Saturday, March 14, 2009

Netherland by Joseph O'Neill



The book reviews on this are great, the novel...not so much. To wrap it up in one fair sweep: I was bored. The entire time, bored. There was no connection between the main character and his situation. He was stale and distant from everything about his wife leaving him to his mother's death. Finally in the last paragraph, the very ending of the book does he show this bit of humanness, this bit of reality that is poetic and genuine. Oh, I tried so hard to enjoy this book, I pressed on with it though I wanted to fling it to the floor. And still after getting over half way through I hadn't even touched on anything minutely interesting, so I skipped to the last ten pages or so and claimed it finished. And even those last few pages were stale as last year's bread and I found myself blah-blahing through sentences, trudging toward the ending like through two feet of wet sand. There is nothing compelling in the story, nothing to move you forward because the main character is not compelled, he cares nothing for what comes his way, for the people around him, whether his wife comes back to him.

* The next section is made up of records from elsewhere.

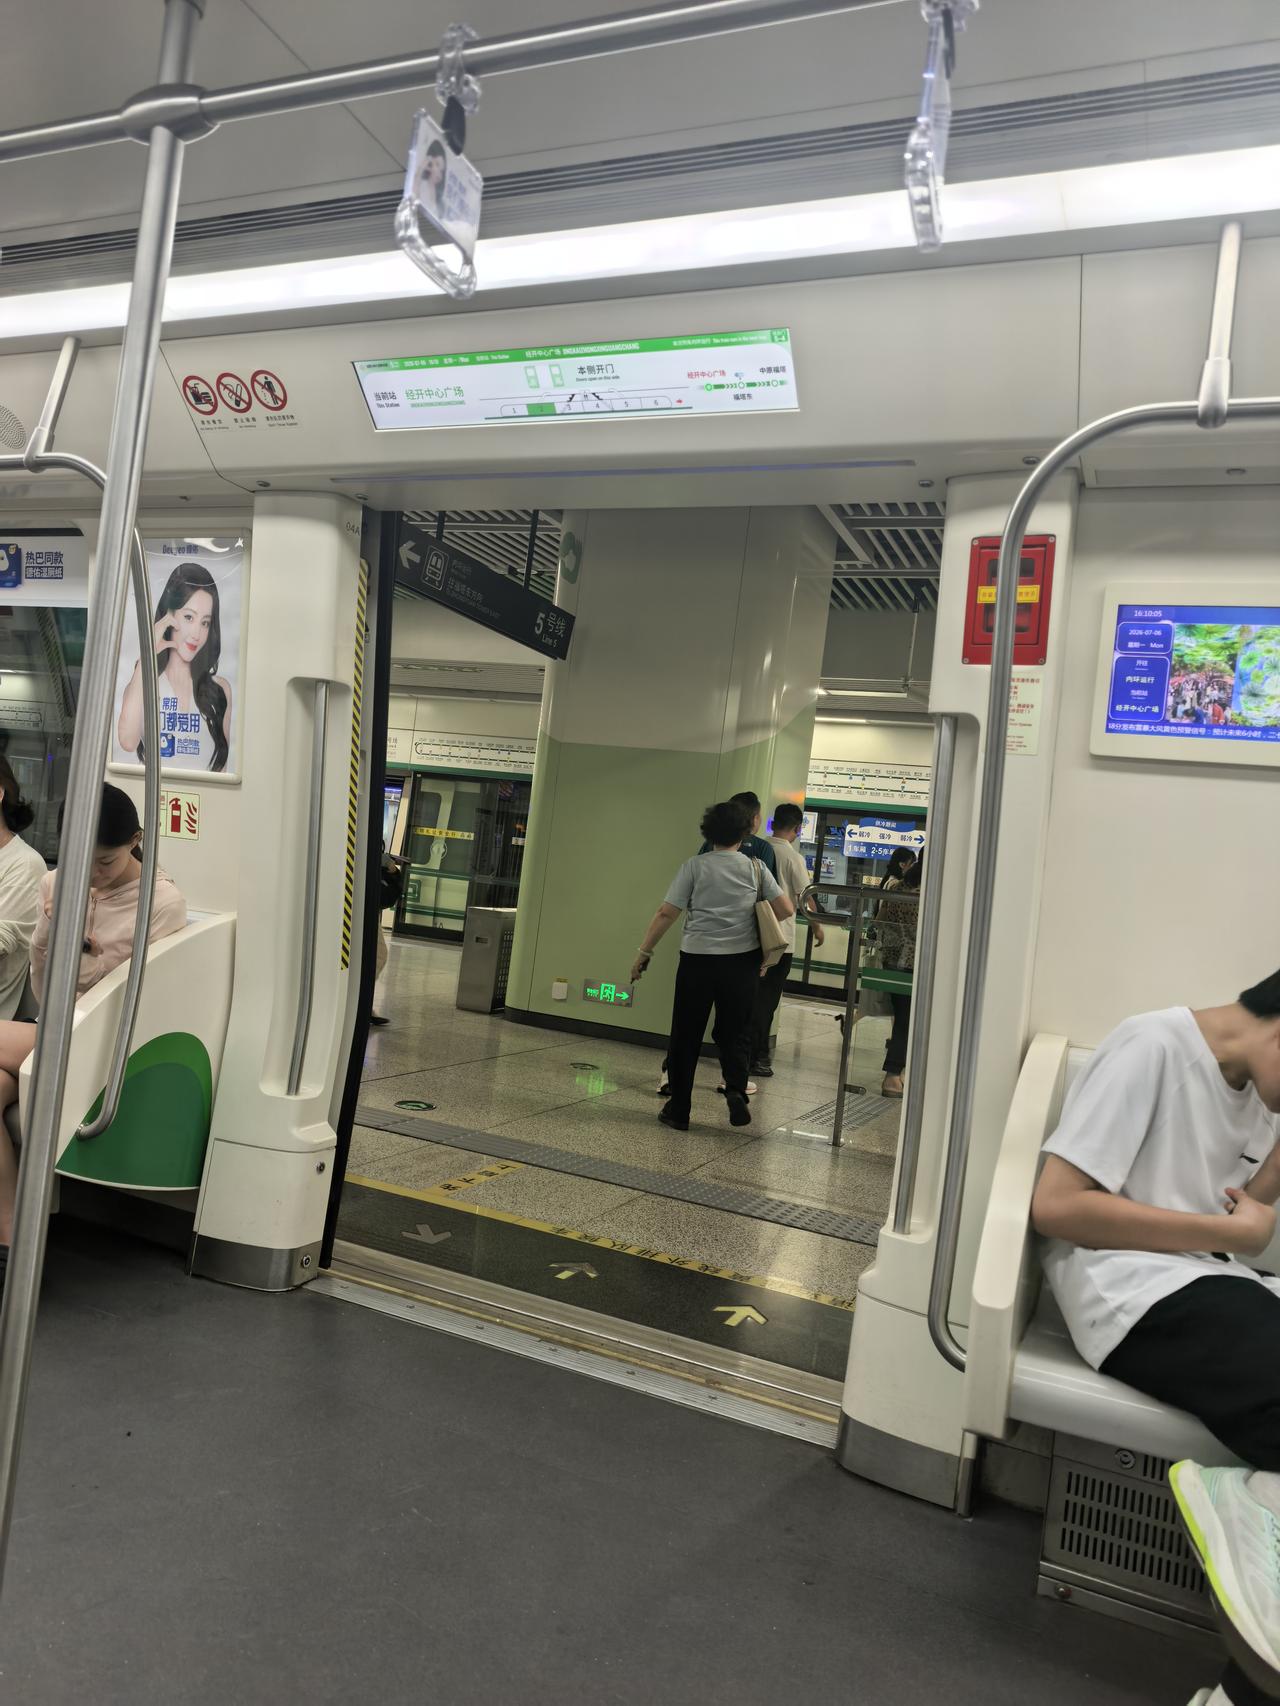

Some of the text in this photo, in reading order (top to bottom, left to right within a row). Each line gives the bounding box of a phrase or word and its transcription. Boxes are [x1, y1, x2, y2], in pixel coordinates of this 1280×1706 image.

[577, 363, 614, 375] 本侧开门
[687, 370, 727, 379] 经开中心广场
[374, 391, 397, 401] 当前站
[405, 386, 465, 400] 经开中心广场
[25, 551, 64, 565] 热巴同款
[1149, 641, 1164, 649] Mon
[1126, 676, 1155, 684] 内环运行
[162, 697, 178, 711] 常用
[1115, 704, 1160, 713] 经开中心广场

Certainly I don't blame his wife for leaving him in the first place (which, by the way, is not even pondered by the character on why she left) because I was also ready to fly to another country and be done with this man. I'm sorry, I don't agree with the famous reviews of this one. I am dissappointed and can't believe I bought a hardback edition of this, which is going to the used bookstore today. These are the kind of books that make me think some of these book reviews have cash incentives behind them. Simply boring, a waste of my time.